=== Recorded information ===

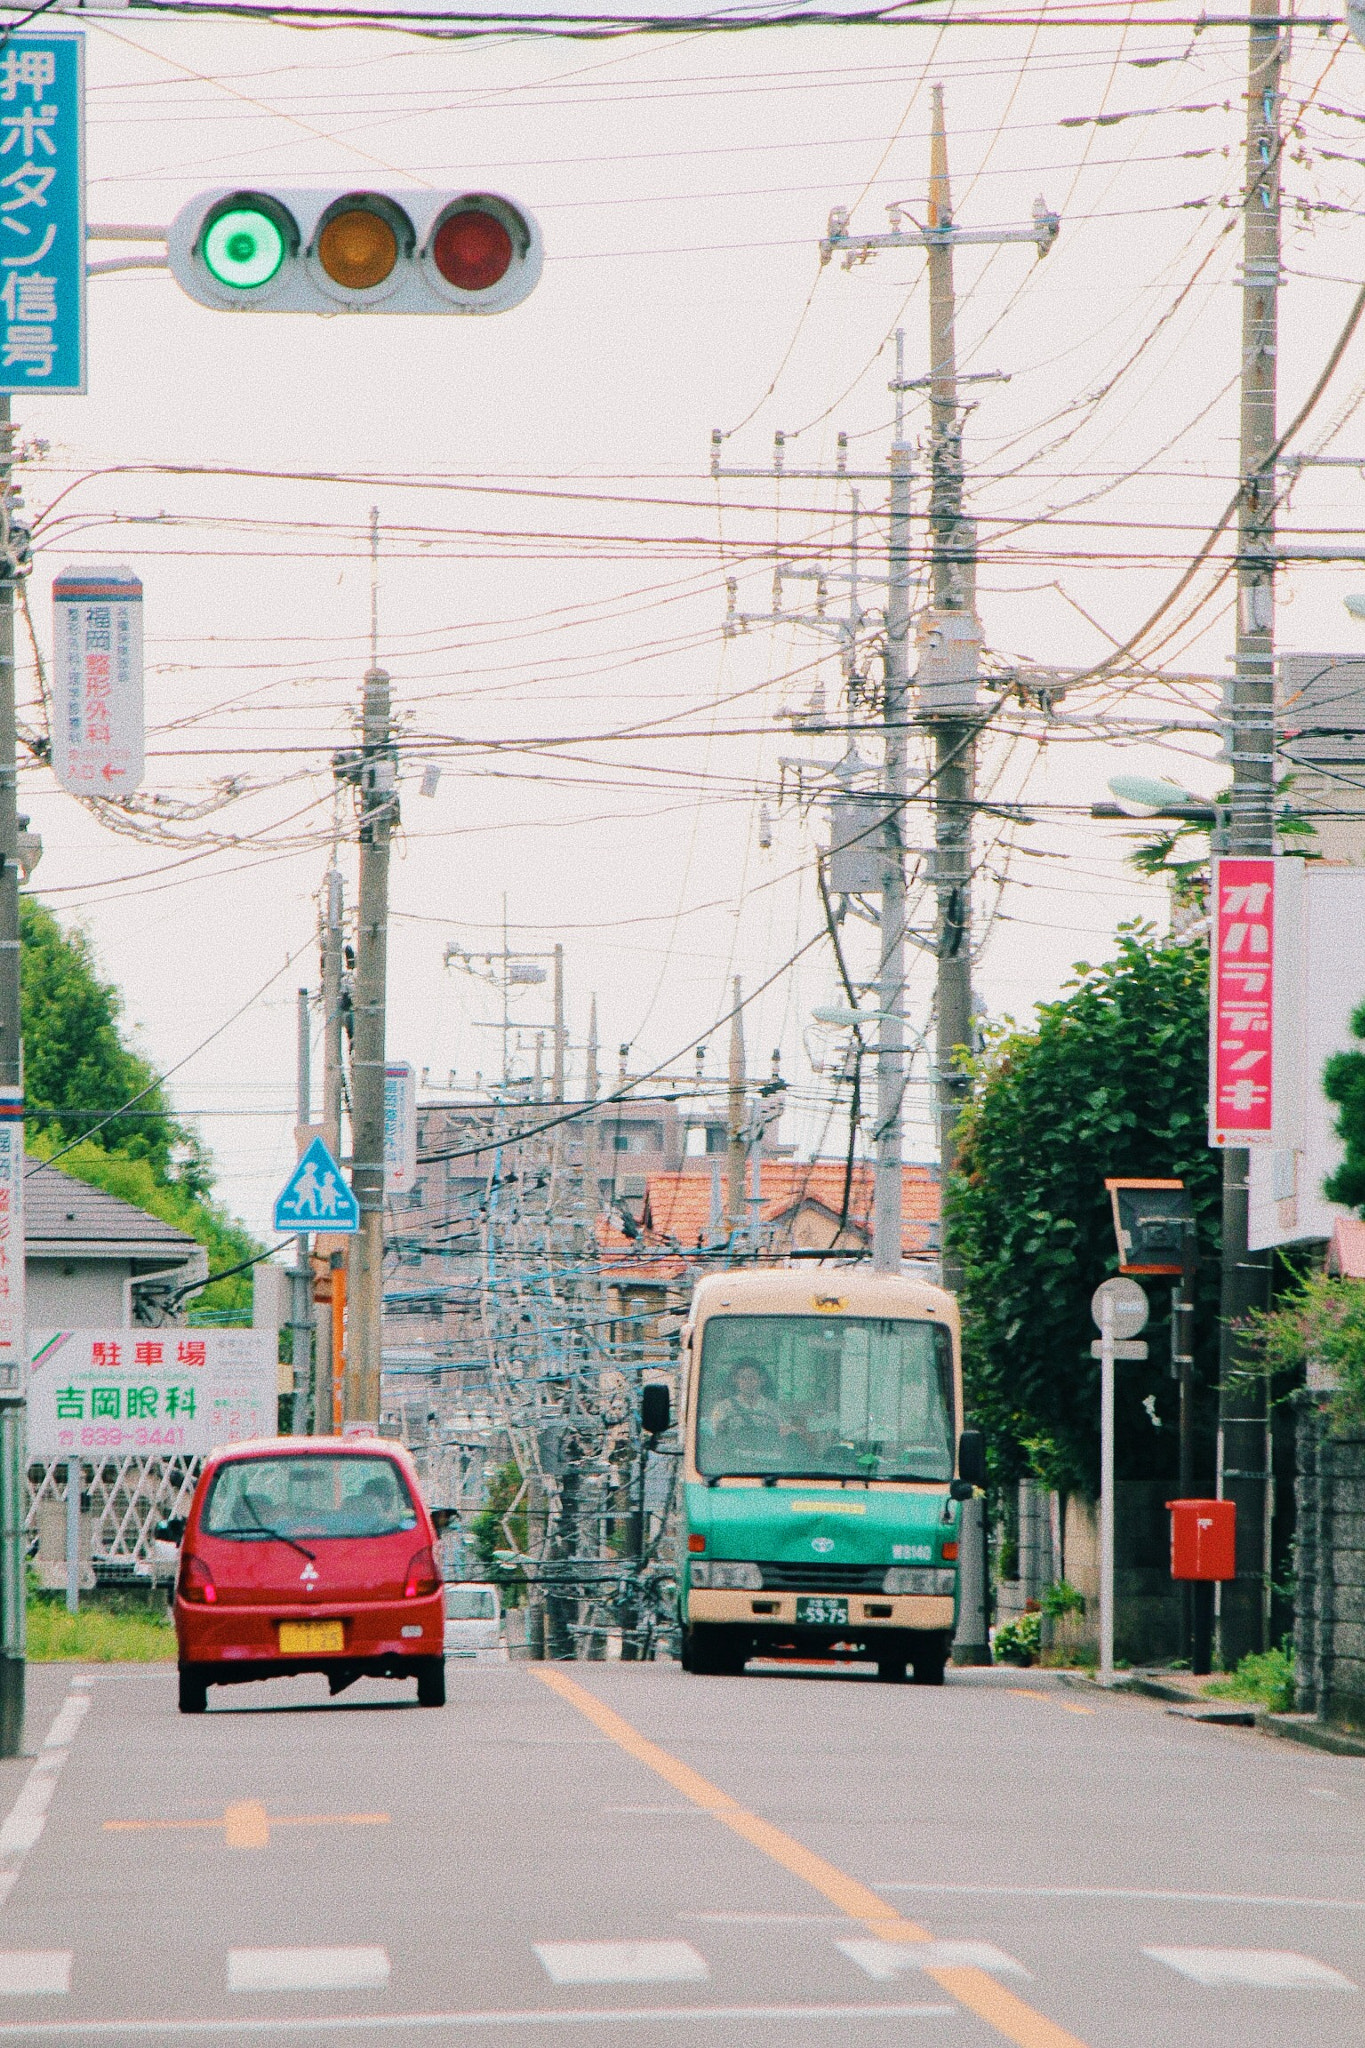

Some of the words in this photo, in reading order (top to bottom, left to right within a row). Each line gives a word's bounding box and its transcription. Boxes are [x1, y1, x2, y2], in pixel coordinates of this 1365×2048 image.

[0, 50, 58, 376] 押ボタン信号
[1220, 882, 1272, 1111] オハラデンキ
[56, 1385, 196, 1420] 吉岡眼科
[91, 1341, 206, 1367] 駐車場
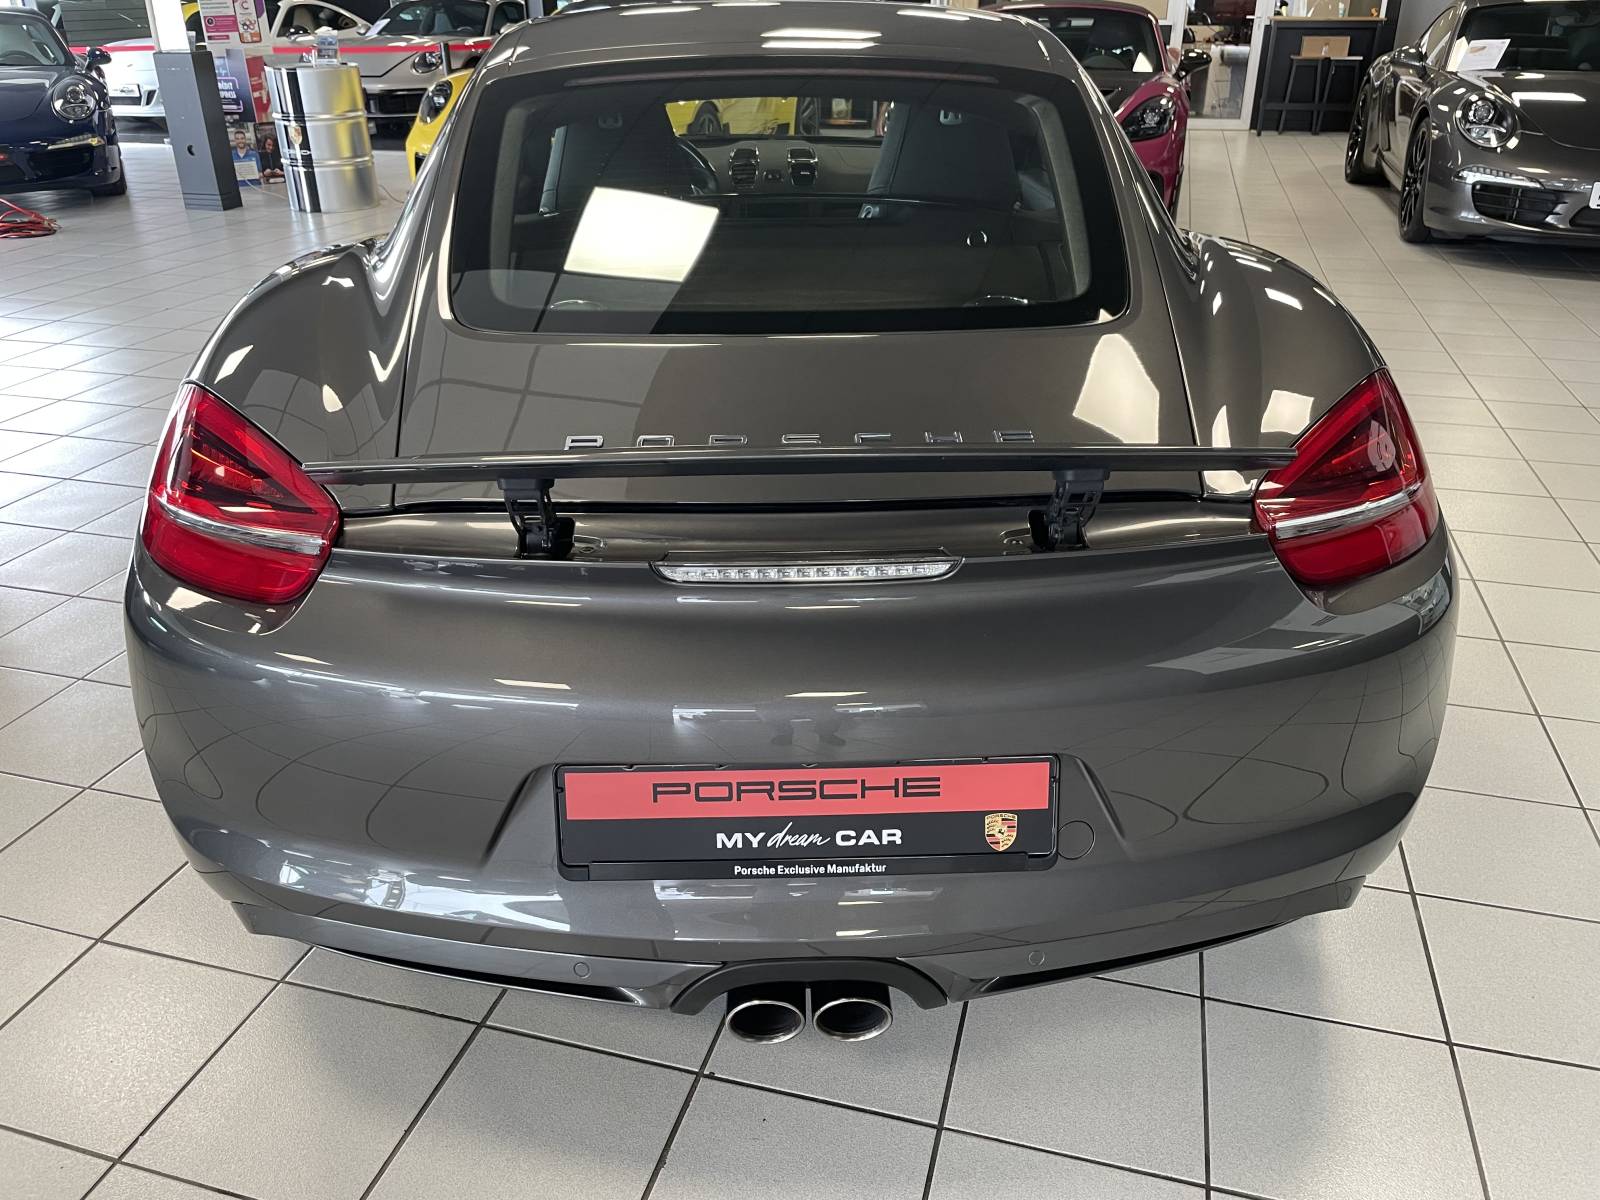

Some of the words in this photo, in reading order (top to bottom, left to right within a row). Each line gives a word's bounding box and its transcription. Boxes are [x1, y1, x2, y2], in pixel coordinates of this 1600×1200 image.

===

Assignment -
Retype all the entries word for word; the pictures stay out.

Result of this task -
Some of the words in this photo, in reading order (top to bottom, left to right within a row). Each line gives a word's bounding box and its transcription. Boxes are [x1, y1, x2, y2], in pixel coordinates of this 1365×2048 image.

[0, 50, 58, 376] 押ボタン信号
[1220, 882, 1272, 1111] オハラデンキ
[56, 1385, 196, 1420] 吉岡眼科
[91, 1341, 206, 1367] 駐車場

Some of the words in this photo, in reading order (top to bottom, left to right within a row). Each line gives a word's bounding box and its transcription. Boxes are [x1, y1, x2, y2], in pixel coordinates of this 1600×1200 image.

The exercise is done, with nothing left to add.